Search code examples
perlmojoliciousmojo-useragent

Mojo::UserAgent - Inspect the Content-Encoding header before decoding


I'm attempting use Mojo::UserAgent to verify the gzip compression (Content-Encoding) of an application.

Unfortunately, it appears that this UA silently decodes the content and removes the Content-Encoding header afterwords.

The following is my minimal example

#!/usr/bin/env perl

use strict;
use warnings;

use Test::More tests => 3;

use Mojo::UserAgent;     # Version 8.26

my $ua = Mojo::UserAgent->new();

# As documented: https://docs.mojolicious.org/Mojolicious/Guides/Cookbook#Decorating-follow-up-requests
$ua->once(
    start => sub {
        my ( $ua, $tx ) = @_;
        $tx->req->headers->header( 'Accept-Encoding' => 'gzip' );
    }
);

my $tx = $ua->get('https://www.mojolicious.org');

is( $tx->req->headers->header('Accept-Encoding'), 'gzip', qq{Request Accept-Encoding is "gzip"} );

ok( $tx->res->is_success, "Response is success" );

# The following assertion fails.
# My theory is that Mojo::UserAgent is silently decoding the content, and changing
# the Content-Encoding and Content-Length to reflect the new values.  However, how
# do we inspect what the original response headers were?
is( $tx->res->headers->header('Content-Encoding'), 'gzip', qq{Response Content-Encoding is "gzip"} );

Results

$ perl mojo_useragent_content_encoding.pl
1..3
ok 1 - Request Accept-Encoding is "gzip"
ok 2 - Response is success
not ok 3 - Response Content-Encoding is "gzip"
#   Failed test 'Response Content-Encoding is "gzip"'
#   at mojo_useragent_content_encoding.pl line 30.
#          got: undef
#     expected: 'gzip'
# Looks like you failed 1 test of 3.

I was able to confirm that the payload is being gzip'd by analyzing the Apache logs. Additionally, this curl also confirms this example website is utilizing gzip encoding for requests

$ curl -i -H "Accept-Encoding: gzip" https://www.mojolicious.org
HTTP/1.1 200 OK
Date: Mon, 18 Jan 2021 21:28:14 GMT
Content-Type: text/html;charset=UTF-8
...
Content-Encoding: gzip
...

I am able to use LWP::UserAgent to confirm the proper Content-Encoding of the response.

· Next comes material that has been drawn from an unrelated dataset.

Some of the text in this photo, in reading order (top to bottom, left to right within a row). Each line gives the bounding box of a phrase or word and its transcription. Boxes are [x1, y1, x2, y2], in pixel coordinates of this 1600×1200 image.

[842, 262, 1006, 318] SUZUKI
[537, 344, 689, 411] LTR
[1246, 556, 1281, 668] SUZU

However, I'm unable to determine how to inspect the Mojo::UserAgent response to view the real headers before any theoretical post processing was performed.


Solution

  • You can set $ua->transactor->compressed(0); in your code or MOJO_GZIP=0 in your env to bypass auto decompression.

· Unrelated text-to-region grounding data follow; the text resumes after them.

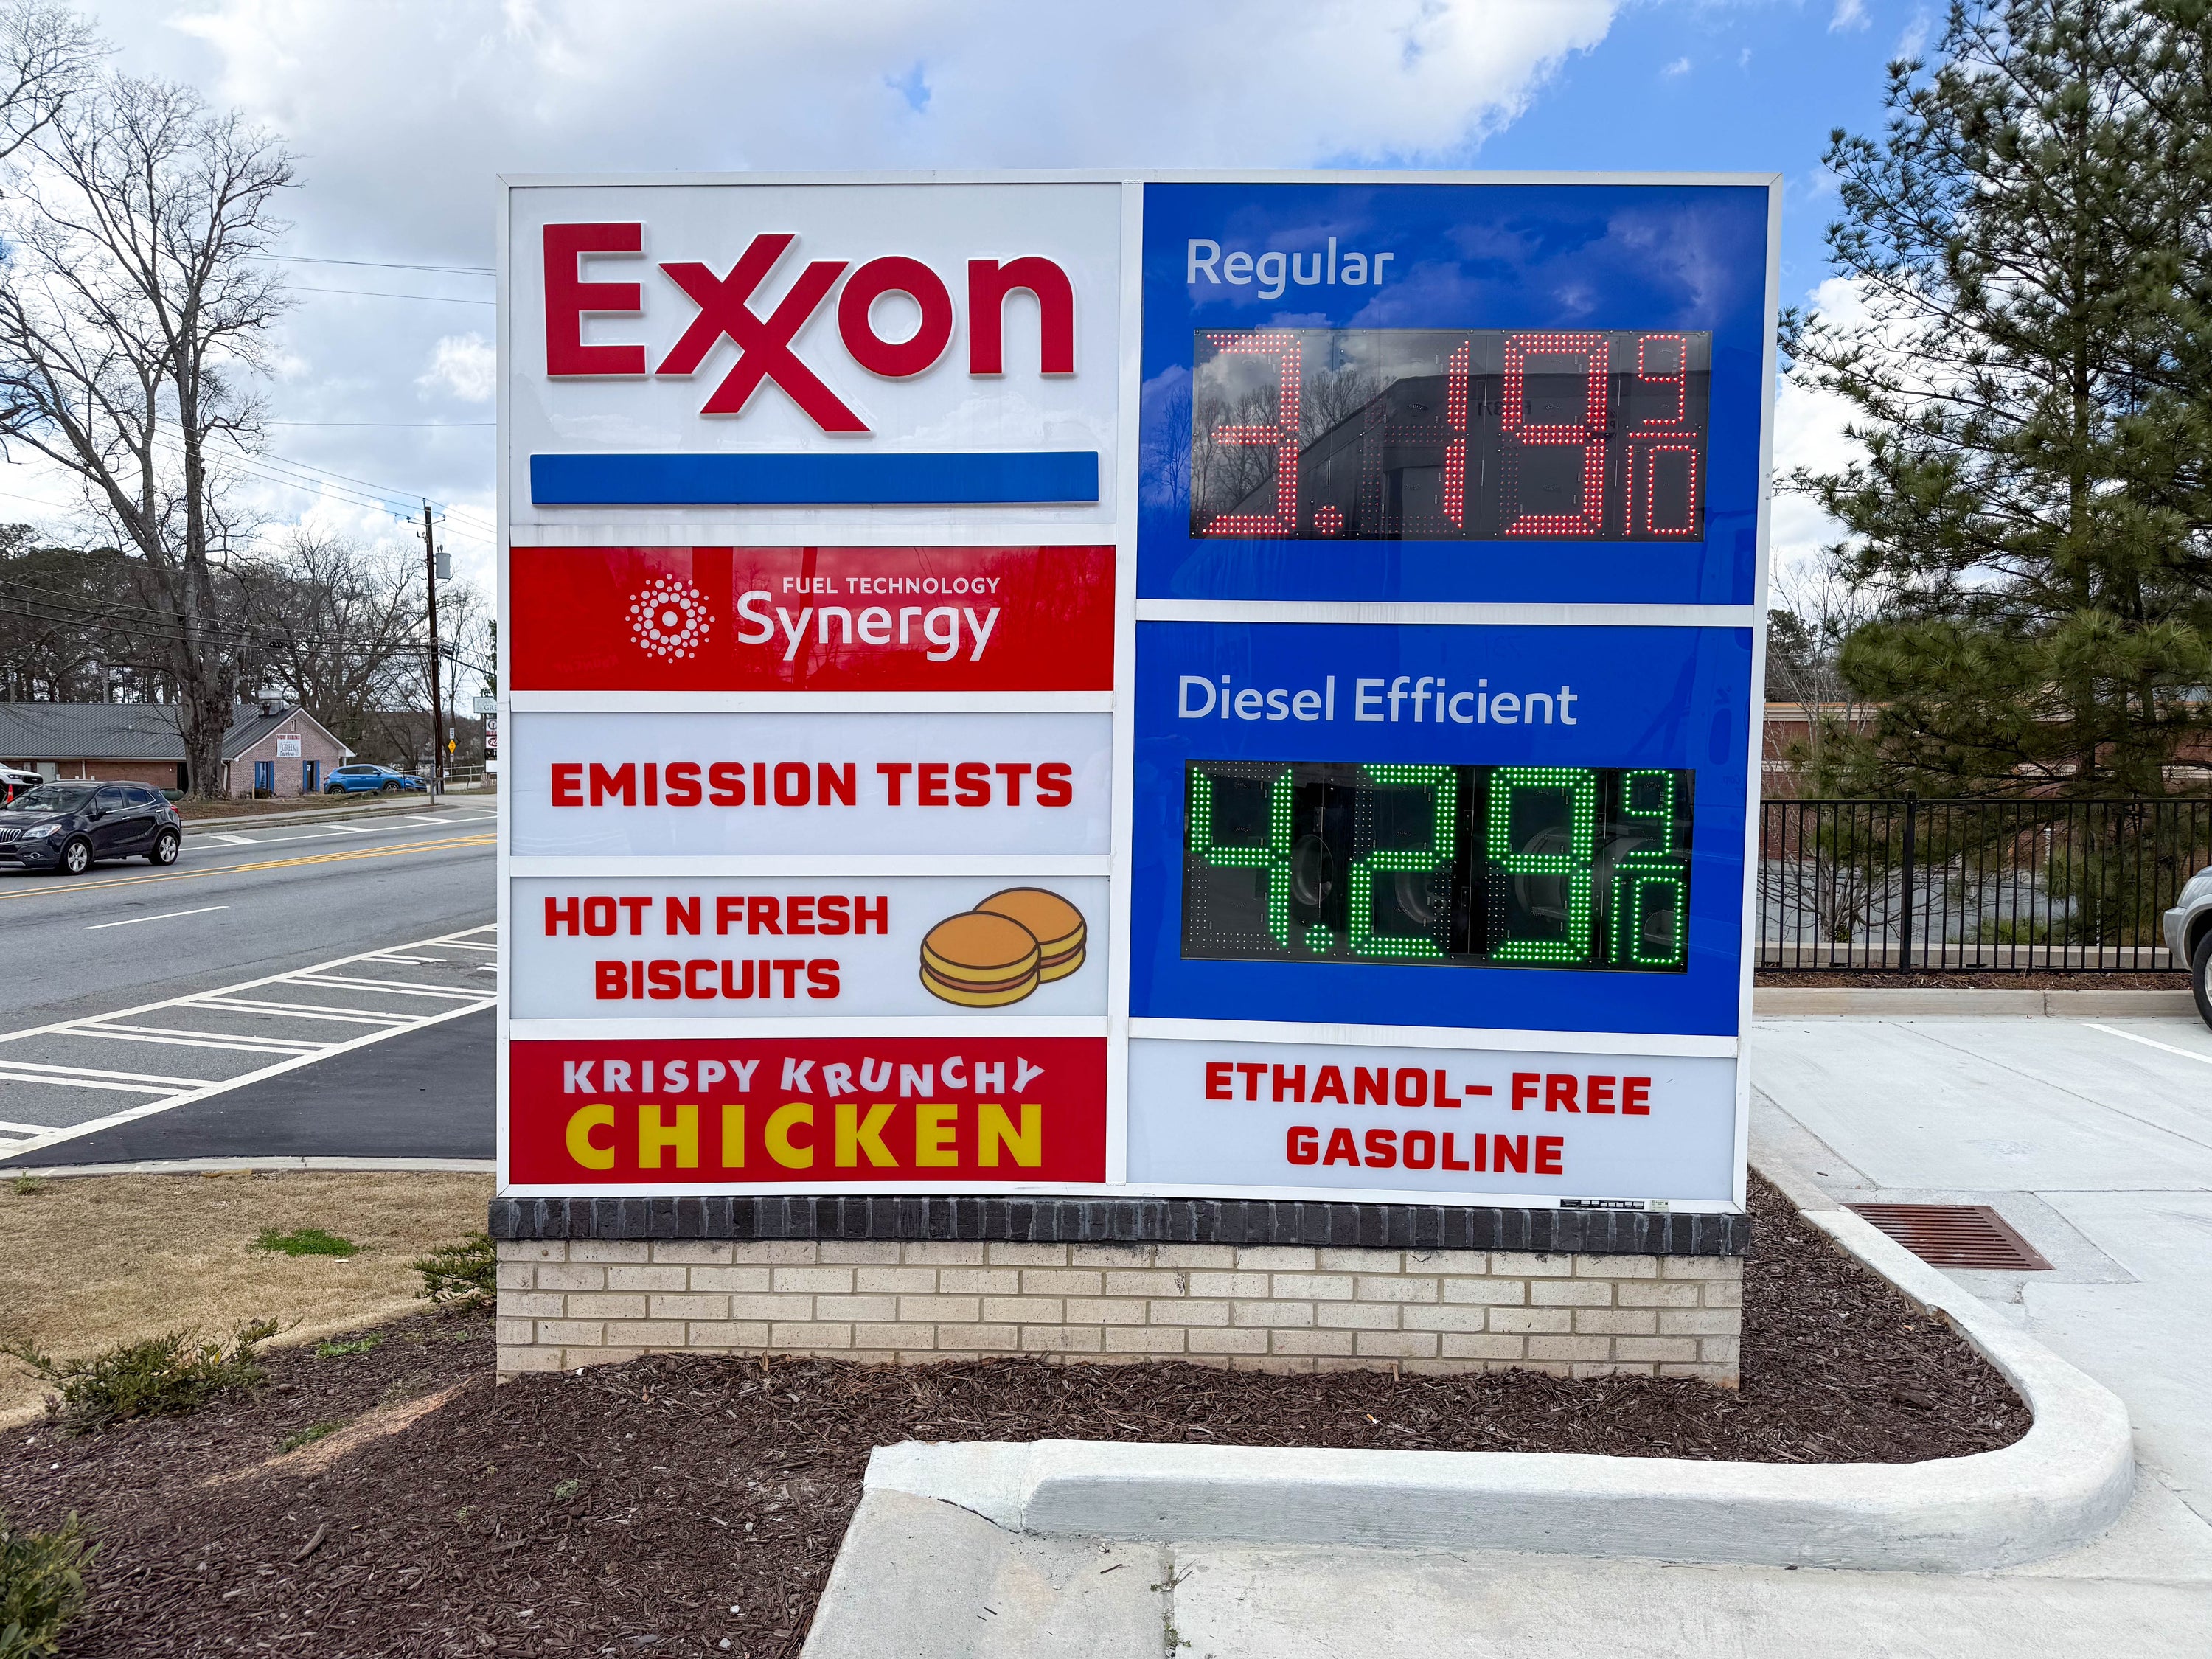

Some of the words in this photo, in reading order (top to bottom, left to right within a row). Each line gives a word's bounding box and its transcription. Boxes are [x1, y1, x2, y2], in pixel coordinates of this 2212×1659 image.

[1188, 237, 1393, 299] Regular
[543, 222, 1074, 432] Exxon
[1203, 333, 1610, 535] 3.19
[783, 577, 838, 593] FUEL
[845, 577, 1000, 594] TECHNOLOGY
[737, 590, 1001, 662] Synergy
[1178, 675, 1335, 720] Diesel
[1354, 676, 1578, 725] Efficient
[551, 762, 856, 807] EMISSION
[876, 762, 1073, 807] TESTS
[1190, 764, 1596, 962] 4.29
[544, 896, 653, 936] HOT
[666, 896, 701, 936] N
[716, 895, 888, 936] FRESH
[595, 959, 840, 1000] BISCUITS
[563, 1059, 760, 1093] KRISPY
[780, 1055, 1046, 1098] KRUNCHY
[1512, 1072, 1652, 1116] FREE
[566, 1103, 1042, 1170] CHICKEN
[1287, 1126, 1564, 1175] GASOLINE

    If you want to keep auto decompression and examine the headers before the decompression stage is reached (which also removes the Content-Encoding header) you can register a callback on the contents body event. This event is emitted after the headers are parsed but before the body is processed.

    use strict ;
    use warnings;
    use 5.30.0;
    use Test::More tests => 3;
    use Data::Dumper;
    use Mojo::UserAgent;     # Version 8.26
    
    my $ua = Mojo::UserAgent->new();
    
    # As documented: https://docs.mojolicious.org/Mojolicious/Guides/Cookbook#Decorating-follow-up-requests
    $ua->once(
              start => sub {
                  my ( $ua, $tx ) = @_;
                  $tx->req->headers->header( 'Accept-Encoding' => 'gzip' );
    
                  my $res = $tx->res;
                  say 'register event listener';
                  $res->content->on(body=>sub{test_res_encoding($tx)});
              }
          );
    $ua->transactor->compressed(0);
    
    my $tx = $ua->get('https://www.mojolicious.org');
    
    is( $tx->req->headers->header('Accept-Encoding'), 'gzip', qq{Request Accept-Encoding is "gzip"} );
    
    ok( $tx->res->is_success, "Response is success" );
    
    #say Dumper $tx->res->headers;
    # The following assertion fails.
    # My theory is that Mojo::UserAgent is silently decoding the content, and changing
    # the Content-Encoding and Content-Length to reflect the new values.  However, how
    # do we inspect what the original response headers were?
    sub test_res_encoding{
        my $tx = shift;
        is( $tx->res->headers->header('Content-Encoding'),
            'gzip',
            qq{Response Content-Encoding is "gzip"} );
    }
    

    Setting MOJO_EVENTEMITTER_DEBUG=1 in your env helps to see what is going on.